• _Work required_
Starting with the line that contains "this 1744×1308 image.", reproduce each line through the end of the listing below, with no other output.

Materials provided below:

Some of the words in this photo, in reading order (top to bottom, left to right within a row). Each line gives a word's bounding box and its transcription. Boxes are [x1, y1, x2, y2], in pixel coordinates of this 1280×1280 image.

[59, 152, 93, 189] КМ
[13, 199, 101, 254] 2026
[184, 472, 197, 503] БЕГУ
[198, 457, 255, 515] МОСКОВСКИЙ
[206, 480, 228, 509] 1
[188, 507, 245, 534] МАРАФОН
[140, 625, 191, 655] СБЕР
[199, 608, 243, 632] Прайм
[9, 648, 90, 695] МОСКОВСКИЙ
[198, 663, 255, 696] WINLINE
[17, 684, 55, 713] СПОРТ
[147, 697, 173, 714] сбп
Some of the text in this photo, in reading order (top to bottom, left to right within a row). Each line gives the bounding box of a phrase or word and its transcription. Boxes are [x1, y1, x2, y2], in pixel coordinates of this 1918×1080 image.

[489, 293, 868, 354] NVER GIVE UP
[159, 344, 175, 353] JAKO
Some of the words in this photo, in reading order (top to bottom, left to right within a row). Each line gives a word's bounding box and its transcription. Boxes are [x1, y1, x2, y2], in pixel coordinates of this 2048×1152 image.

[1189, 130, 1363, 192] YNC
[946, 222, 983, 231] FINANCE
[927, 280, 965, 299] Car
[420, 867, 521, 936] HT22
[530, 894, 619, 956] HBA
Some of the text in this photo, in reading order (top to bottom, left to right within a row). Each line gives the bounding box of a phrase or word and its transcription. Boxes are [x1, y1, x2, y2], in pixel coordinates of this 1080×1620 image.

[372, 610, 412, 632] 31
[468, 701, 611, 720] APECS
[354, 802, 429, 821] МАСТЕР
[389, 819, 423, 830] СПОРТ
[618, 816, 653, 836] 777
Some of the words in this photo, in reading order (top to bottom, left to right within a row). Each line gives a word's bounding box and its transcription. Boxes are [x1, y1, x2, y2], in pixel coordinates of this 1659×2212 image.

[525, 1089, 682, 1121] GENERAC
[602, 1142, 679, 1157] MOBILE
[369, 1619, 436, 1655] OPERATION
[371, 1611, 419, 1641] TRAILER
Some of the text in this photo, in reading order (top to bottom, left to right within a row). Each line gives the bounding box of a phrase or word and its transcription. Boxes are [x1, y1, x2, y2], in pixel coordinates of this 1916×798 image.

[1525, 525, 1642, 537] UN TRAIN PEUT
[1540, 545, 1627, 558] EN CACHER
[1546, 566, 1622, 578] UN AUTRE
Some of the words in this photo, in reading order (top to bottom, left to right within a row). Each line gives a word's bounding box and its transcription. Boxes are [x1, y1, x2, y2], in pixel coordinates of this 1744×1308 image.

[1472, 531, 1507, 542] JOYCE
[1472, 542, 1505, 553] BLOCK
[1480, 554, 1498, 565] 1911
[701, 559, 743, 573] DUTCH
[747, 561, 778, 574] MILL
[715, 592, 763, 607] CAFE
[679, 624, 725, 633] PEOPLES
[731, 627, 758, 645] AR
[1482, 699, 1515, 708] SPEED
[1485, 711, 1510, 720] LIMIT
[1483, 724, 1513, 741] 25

End of Materials provided.

• _Task solution_
Some of the words in this photo, in reading order (top to bottom, left to right within a row). Each line gives a word's bounding box and its transcription. Boxes are [x1, y1, x2, y2], in pixel coordinates of this 1744×1308 image.

[1472, 531, 1507, 542] JOYCE
[1472, 542, 1505, 553] BLOCK
[1480, 554, 1498, 565] 1911
[701, 559, 743, 573] DUTCH
[747, 561, 778, 574] MILL
[715, 592, 763, 607] CAFE
[679, 624, 725, 633] PEOPLES
[731, 627, 758, 645] AR
[1482, 699, 1515, 708] SPEED
[1485, 711, 1510, 720] LIMIT
[1483, 724, 1513, 741] 25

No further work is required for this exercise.